My first speaking duty was on a panel at the end of a session convened by Shan Shui on ‘Conservation in China’. The moderator asked the panelists to briefly critique the papers we had heard, and put them into an international context. And she told us that she expected us to develop new hope for conservation in China. My hope did indeed increase – not just because of that session’s papers but to a large extent because of the scores of mainly young Chinese conservationists who were in that room, and all those who presented in the many parallel sessions.

Being surrounded by lots of optimistic, ambitious, and wholly dedicated young people from a large range of countries can’t but cut through the sticky layers of cynicism and despair that seem to build up over time. There were also many solid papers by older Chinese conservationists in workshops and seminars (notably, for me, the plenary address by Professor Wei Fu-wen (doc) on a masterful summary of why we should be hopeful for the future of Giant Pandas). The number of Chinese conservationists is not remarkable in itself – it’s a huge country – but because 17 years ago when I first worked in China, you could count Chinese conservationists on the fingers of one hand (and even have fingers left over).

For those who live and work in China, it is clear that once it is decided at the top levels that something will happen, it will happen – be it a massive dam, a logging ban, an outstanding Olympics, or improvements in Beijing air pollution.

One such high-level decision seems to have been that the South China subspecies of tiger, (functionally) extinct in the wild, will once again roam (fairly) free in at least some of its former haunts. I blogged on tigers just over a year ago which resulted in a torrent of comments from readers. During the Annual International Congress, Philip Nyhus presented a paper on the conservation of the South China tiger on behalf of a number of co-authors. He reported that a number of sites in Hunan and Jiangxi have been identified as potential sites for reintroduction, perhaps using the animals being ‘rewilded’ in South Africa by Save China’s Tigers. None of the sites is without its major problems – not least the paucity of prey and large numbers of people in and around the nature reserves – but there is something inexorable about the bold plans. The management of one or a few areas that would allow some South China Tigers to sustain themselves would have all sorts of immediate and induced benefits for Chinese biodiversity, in a part of China which does not have that much to boast about biologically.

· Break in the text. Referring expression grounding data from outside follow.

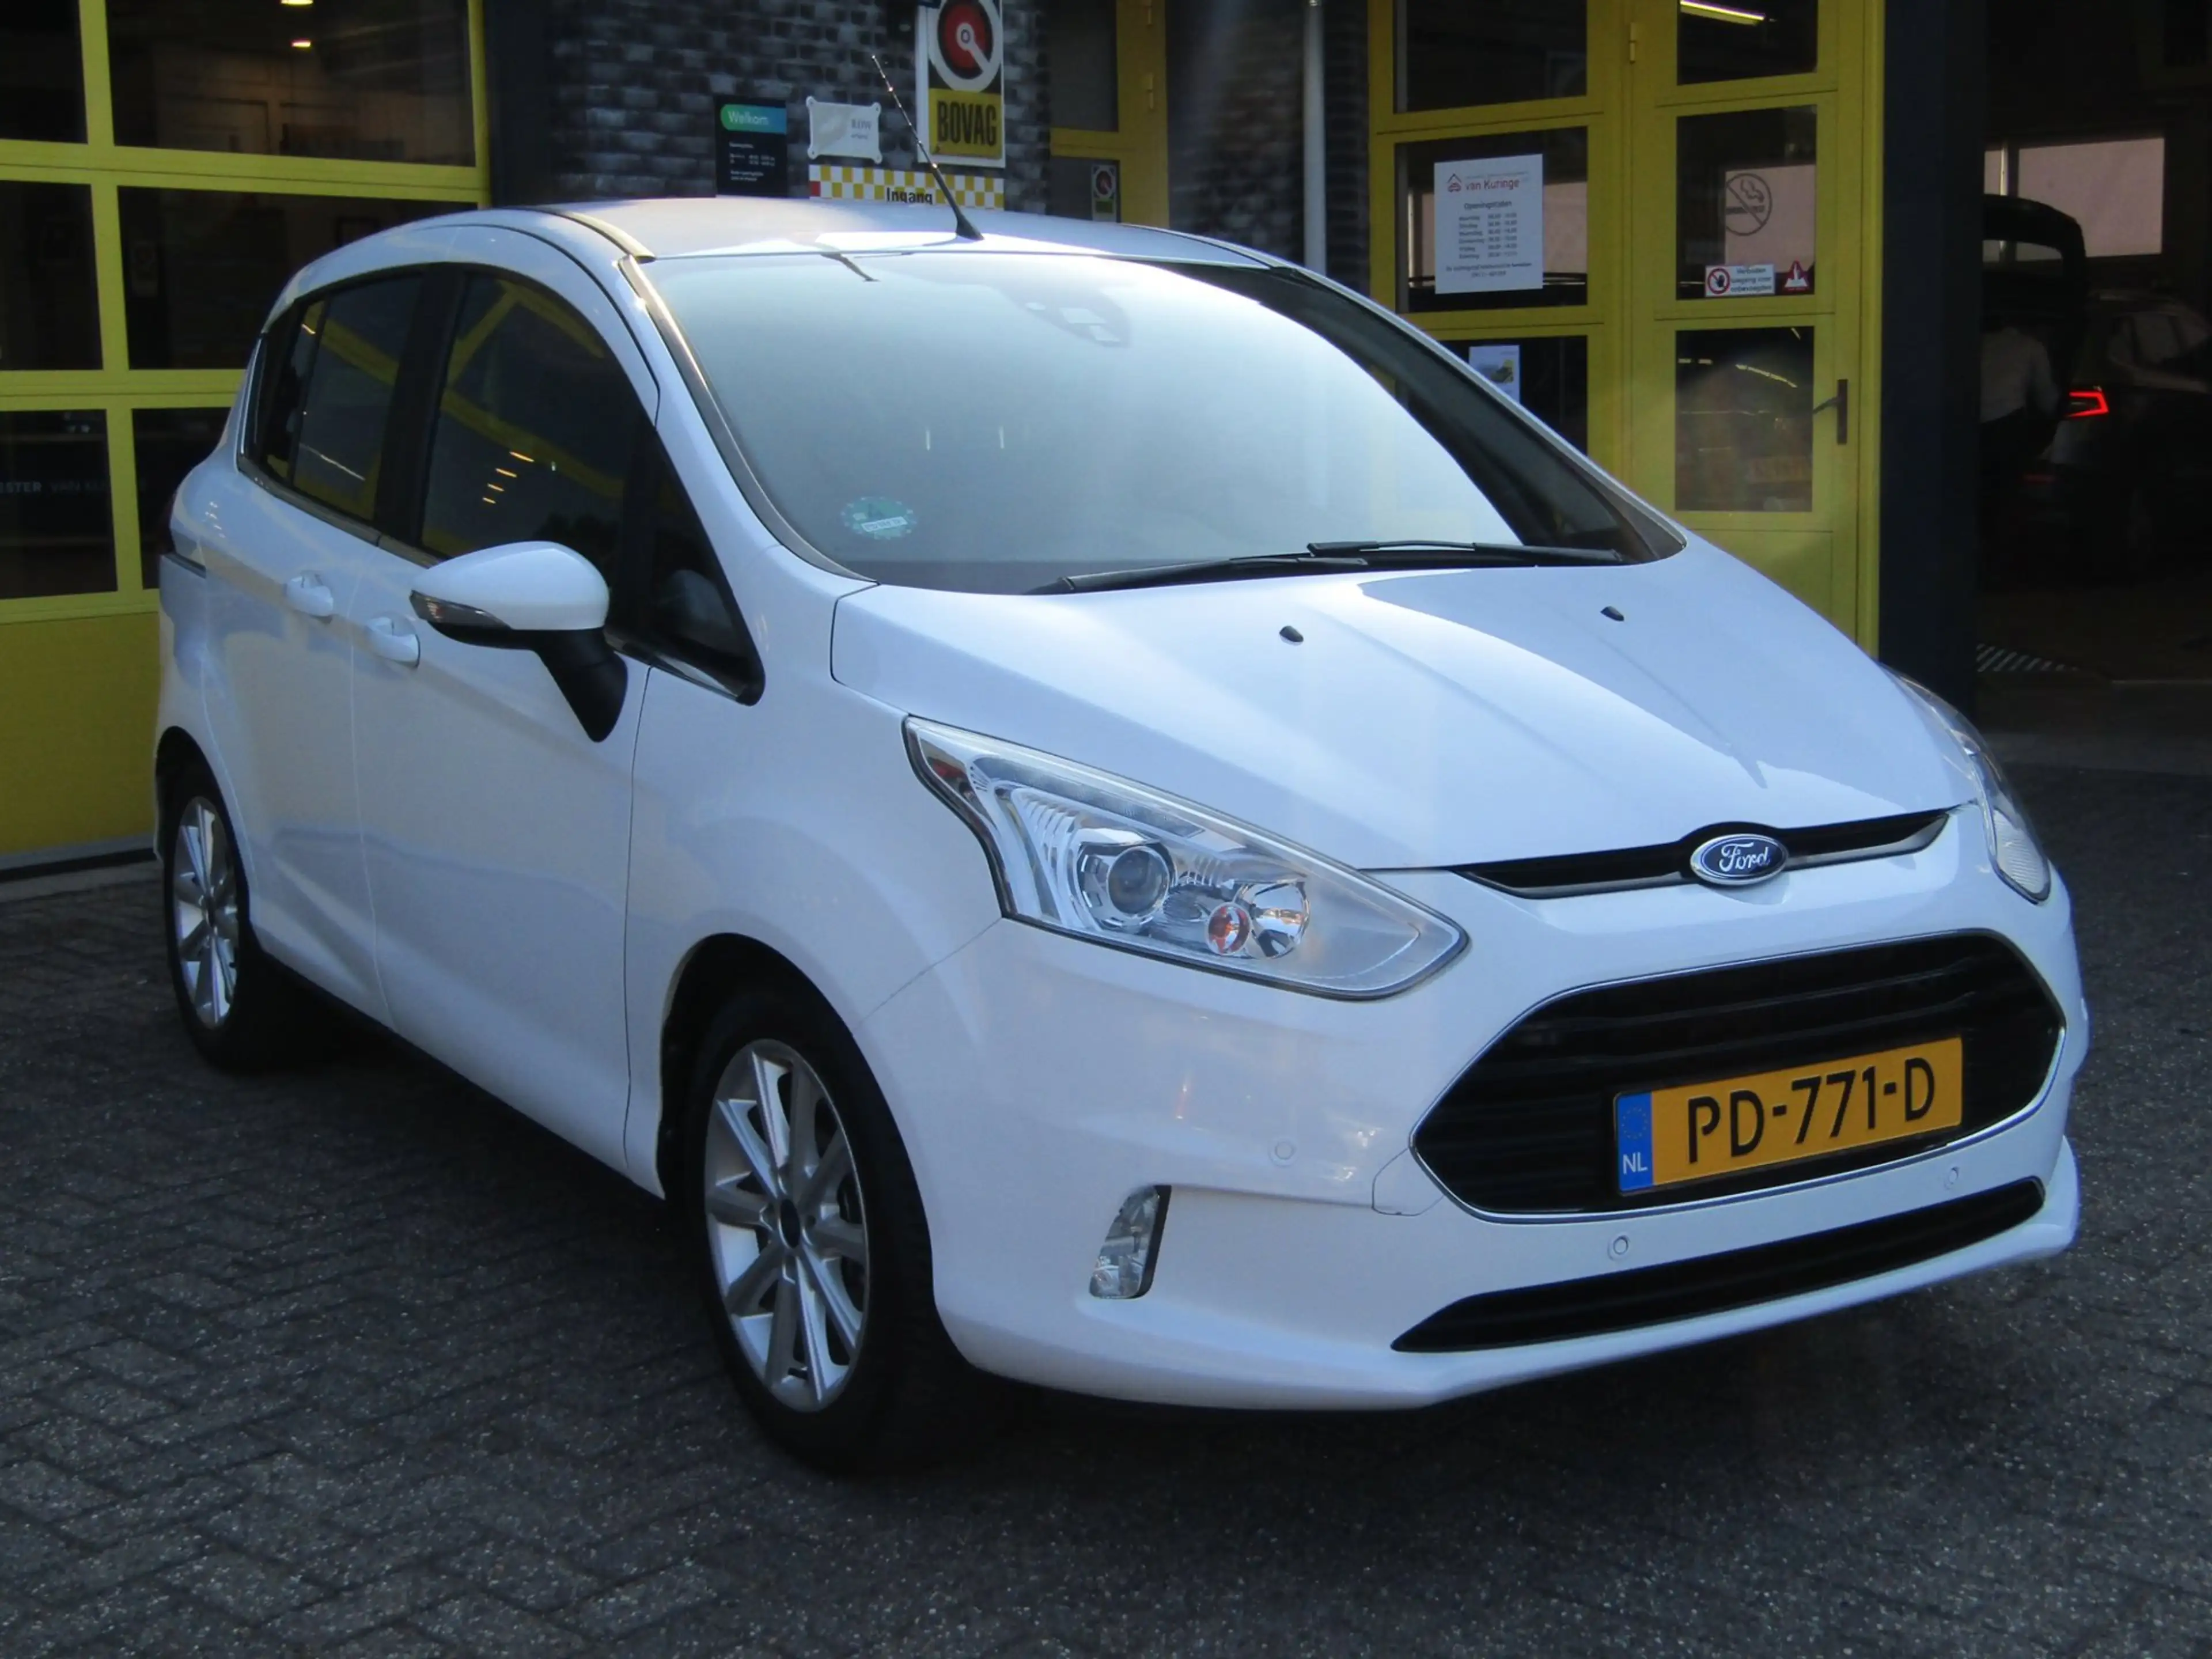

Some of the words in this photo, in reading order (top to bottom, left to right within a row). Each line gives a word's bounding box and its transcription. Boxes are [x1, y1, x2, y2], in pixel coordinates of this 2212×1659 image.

[728, 111, 768, 125] Welkom
[937, 101, 997, 146] BOVAG
[887, 188, 933, 204] Ingang
[1719, 842, 1770, 872] Ford
[1687, 1057, 1936, 1164] PD-771-D
[1623, 1153, 1647, 1174] NL

ImageMy final pleasurable duty at the Congress was to help launch the Directory of Important Bird Areas for Mainland China. Half of those in the large room were from Conservation Leadership Program, a subject for hope on its own. But for me the hope from this publication derives from the scores of local birdwatchers who submitted and checked information about the 512 identified sites. Some of these people are professional biologists, but many are not; some are the ‘local guardians’ of the sites, a full quarter of which do not enjoy any sort of formal protection.

The meteoric growth in the numbers of Chinese birdwatchers is at least partly due to the translation of China’s first field guide to birds which the World Bank supported nearly 10 years ago. Go out to a good birding spot near Beijing on a weekend and you will see people carrying spotting scopes, binoculars, and this well-thumbed book nestled into their arm. These people are the middle-class drivers of environmental movements, just as has happened in many other countries.

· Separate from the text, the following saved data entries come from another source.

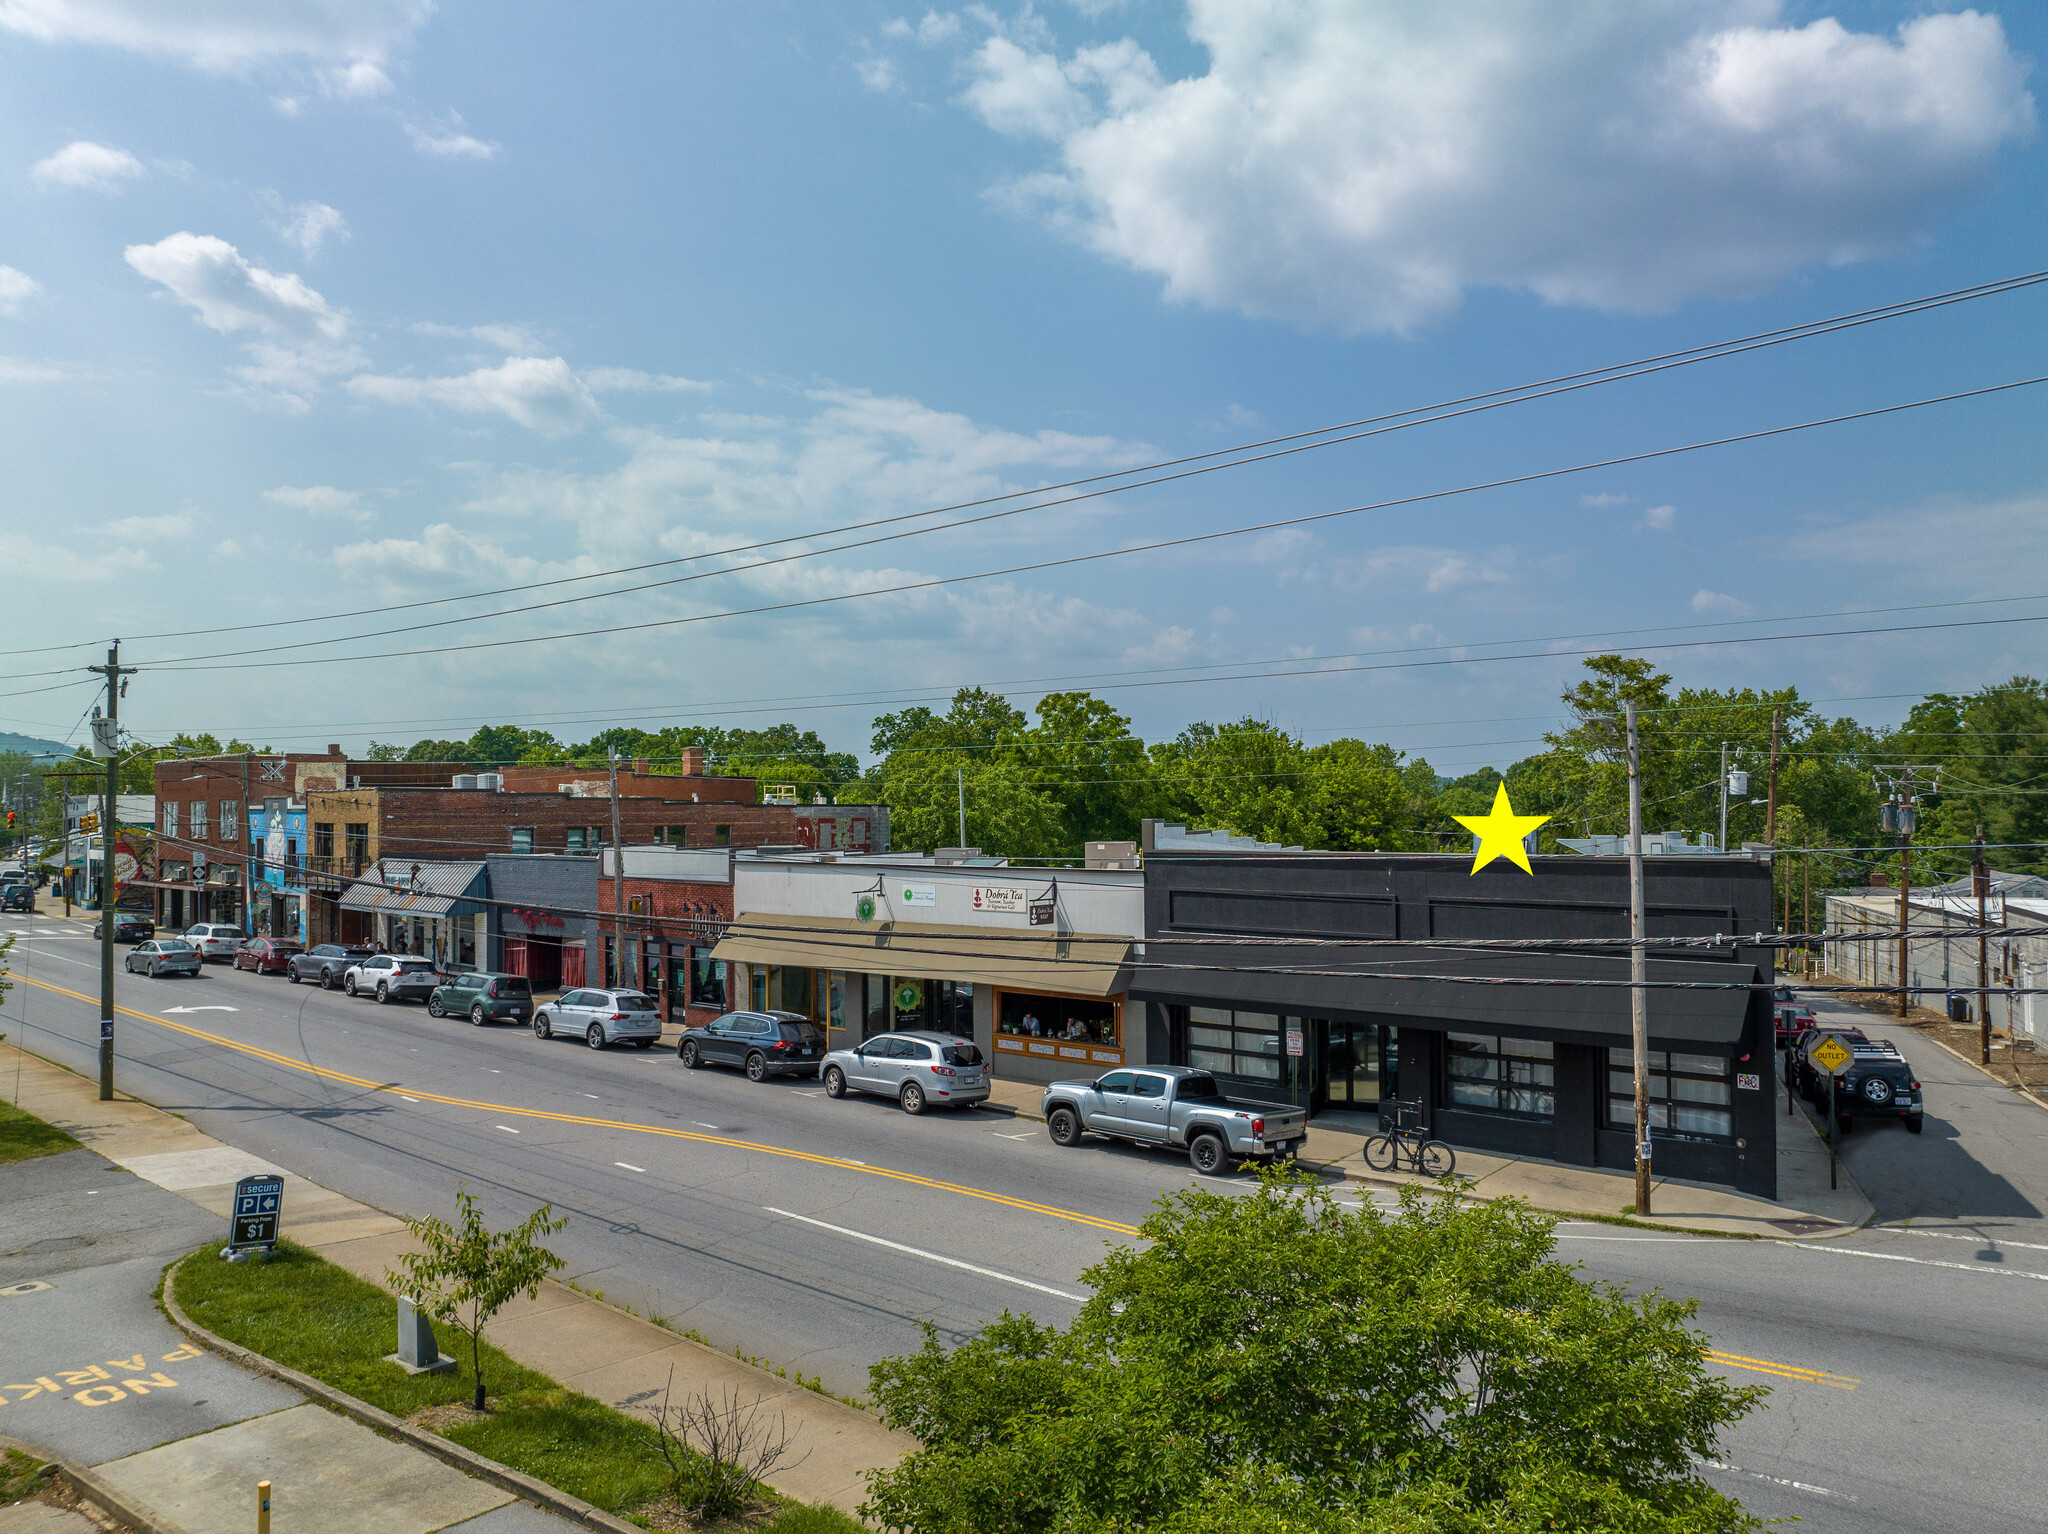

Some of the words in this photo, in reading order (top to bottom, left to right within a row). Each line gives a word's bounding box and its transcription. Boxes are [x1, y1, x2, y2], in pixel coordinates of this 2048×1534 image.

[985, 888, 1009, 899] Dobrá
[1010, 888, 1023, 900] Tea
[1817, 1052, 1845, 1060] OUTLET
[247, 1183, 279, 1194] secure
[242, 1198, 254, 1212] P
[247, 1223, 264, 1239] $1
[73, 1372, 179, 1406] NO

Of course, together with the hope for the future come critical thoughts: that many of the young and rising conservationists aren’t cutting their teeth on good solid fieldwork; not getting their knees dirty, or face time with their animals or plants in the wild, or earning their stripes through hardship the way many of us did when we were their age. Many seem to be tending towards doing desk reviews of others’ syntheses of executive summaries.

I must stop; I’m becoming a grumpy old man again.